Adressé au président des États-Unis d’Amérique, Donald Trump, présenté comme médiateur entre la RDC et le Rwanda, le document exprime une condamnation ferme des actions attribuées aux autorités rwandaises. Selon la BM-U, ces dernières auraient entrepris des démarches sous couvert de mesures de protection visant à évacuer les Banyamulenge d’Uvira vers le Rwanda, une initiative que la mutualité considère comme une violation grave des droits humains et une menace existentielle pour cette communauté.
Dans son communiqué consulté ce lundi 19 janvier par Expressmedias.net, la BM-U affirme que, le 17 janvier 2026, des émissaires rwandais auraient convoqué l’ensemble des Banyamulenge, hommes et femmes confondus, à l’église méthodiste Nyamyanda, à Uvira. À l’issue de cette réunion, un ultimatum leur aurait été imposé, les sommant de quitter le territoire d’Uvira le 18 janvier 2026 à 10 heures précises. Le motif avancé serait une menace sécuritaire émanant du groupe Wazalendo et de l’armée burundaise.

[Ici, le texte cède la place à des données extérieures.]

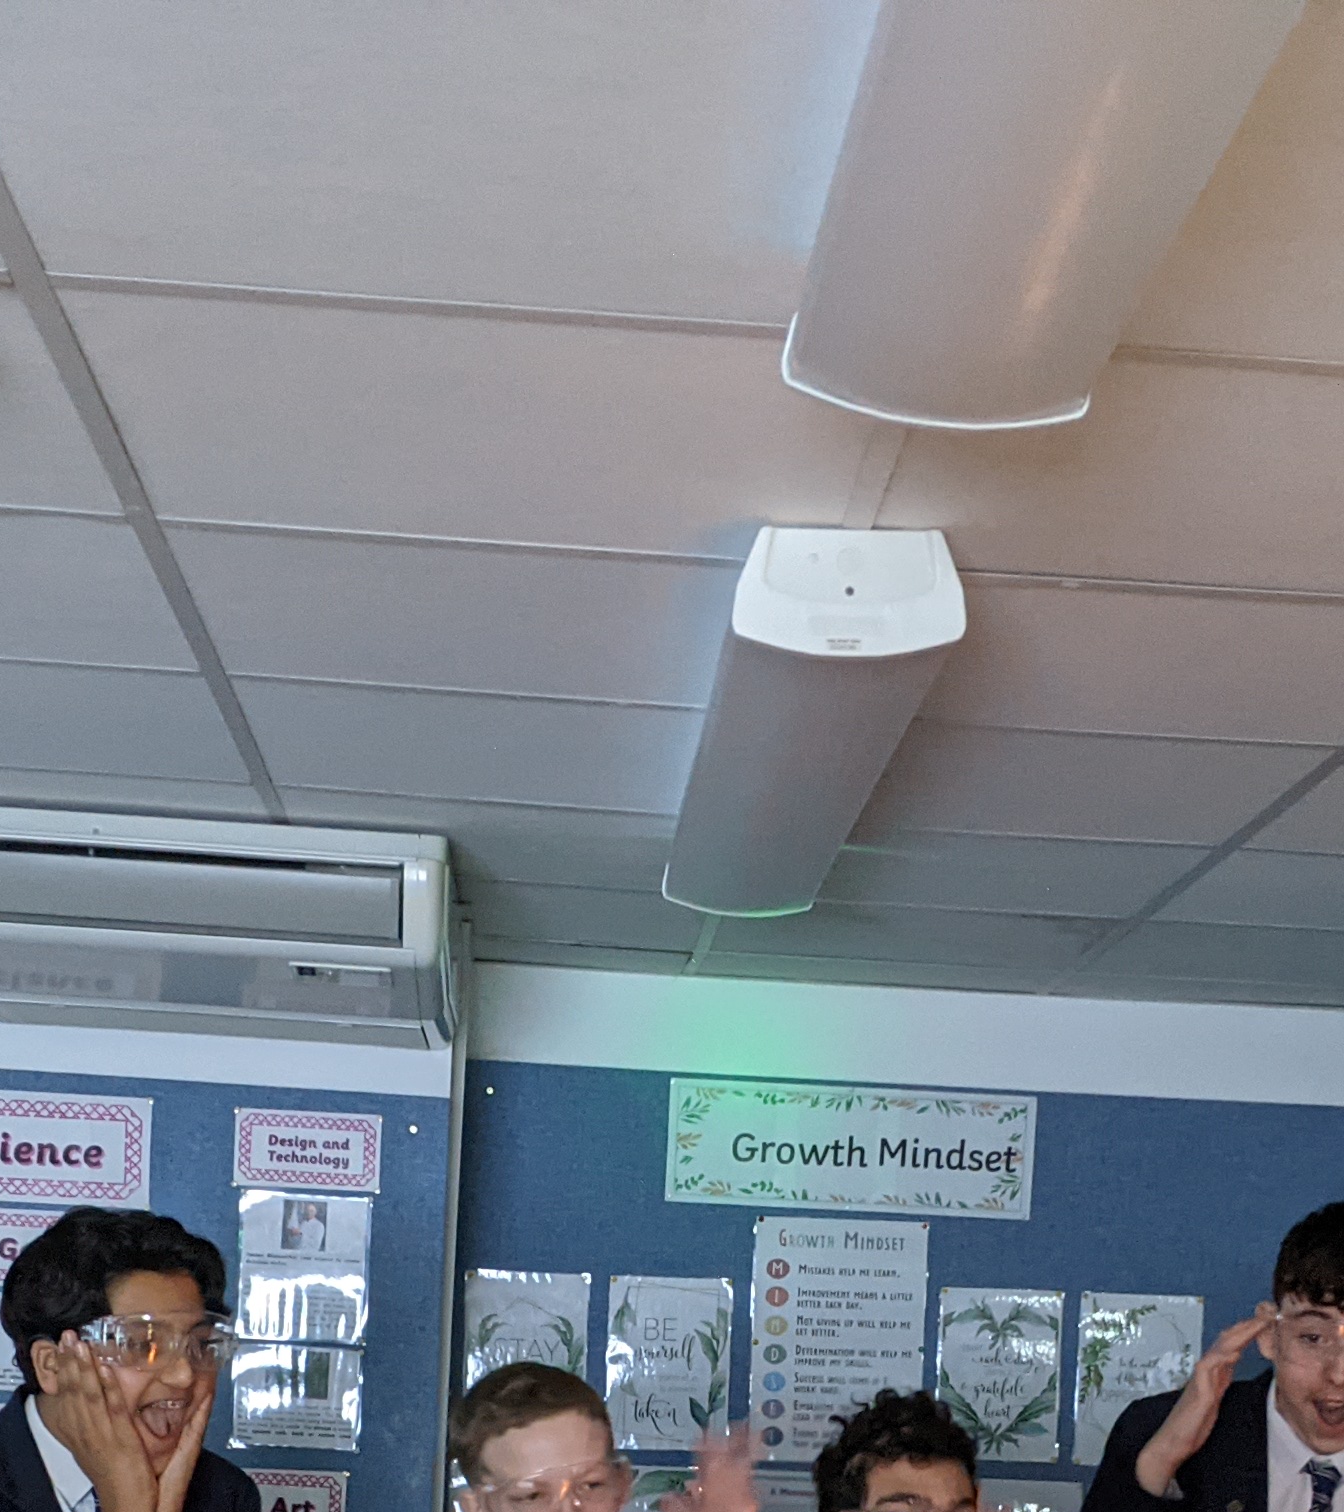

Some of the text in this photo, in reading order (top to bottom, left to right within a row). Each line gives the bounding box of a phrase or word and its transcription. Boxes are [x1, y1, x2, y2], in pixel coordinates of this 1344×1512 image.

La Mutualité Banyamulenge-Ubumwe rejette catégoriquement cette justification, qu’elle qualifie de propagande, et estime que l’objectif réel serait la déportation systématique des Banyamulenge vers le Rwanda. L’organisation affirme que cette situation expose gravement la communauté Banyamulenge à un risque de génocide et accuse le Rwanda de chercher à transférer la responsabilité de cette crise sur d’autres acteurs armés et étatiques de la région.
Face à ce qu’elle considère comme une urgence humanitaire majeure, la BM-U lance un appel pressant à la présidence des États-Unis ainsi qu’à l’ensemble de la communauté internationale afin que des mesures urgentes soient prises pour assurer la protection des Banyamulenge vivant à Uvira, à Minembwe et dans d’autres zones affectées par l’insécurité dans l’est de la RDC.
Le communiqué a également été transmis, pour information, au président de la République démocratique du Congo, Félix-Antoine Tshisekedi Tshilombo, ainsi qu’au président de la République du Burundi. Pour la Mutualité Banyamulenge-Ubumwe, seule une implication internationale rapide et impartiale pourrait prévenir une nouvelle tragédie humaine dans une région déjà marquée par des décennies de violences armées et de déplacements forcés de populations.
La BM-U conclut son message en réaffirmant son engagement à défendre les droits, la sécurité et la dignité de la communauté Banyamulenge, tout en appelant à une mobilisation internationale afin d’éviter une escalade aux conséquences irréversibles.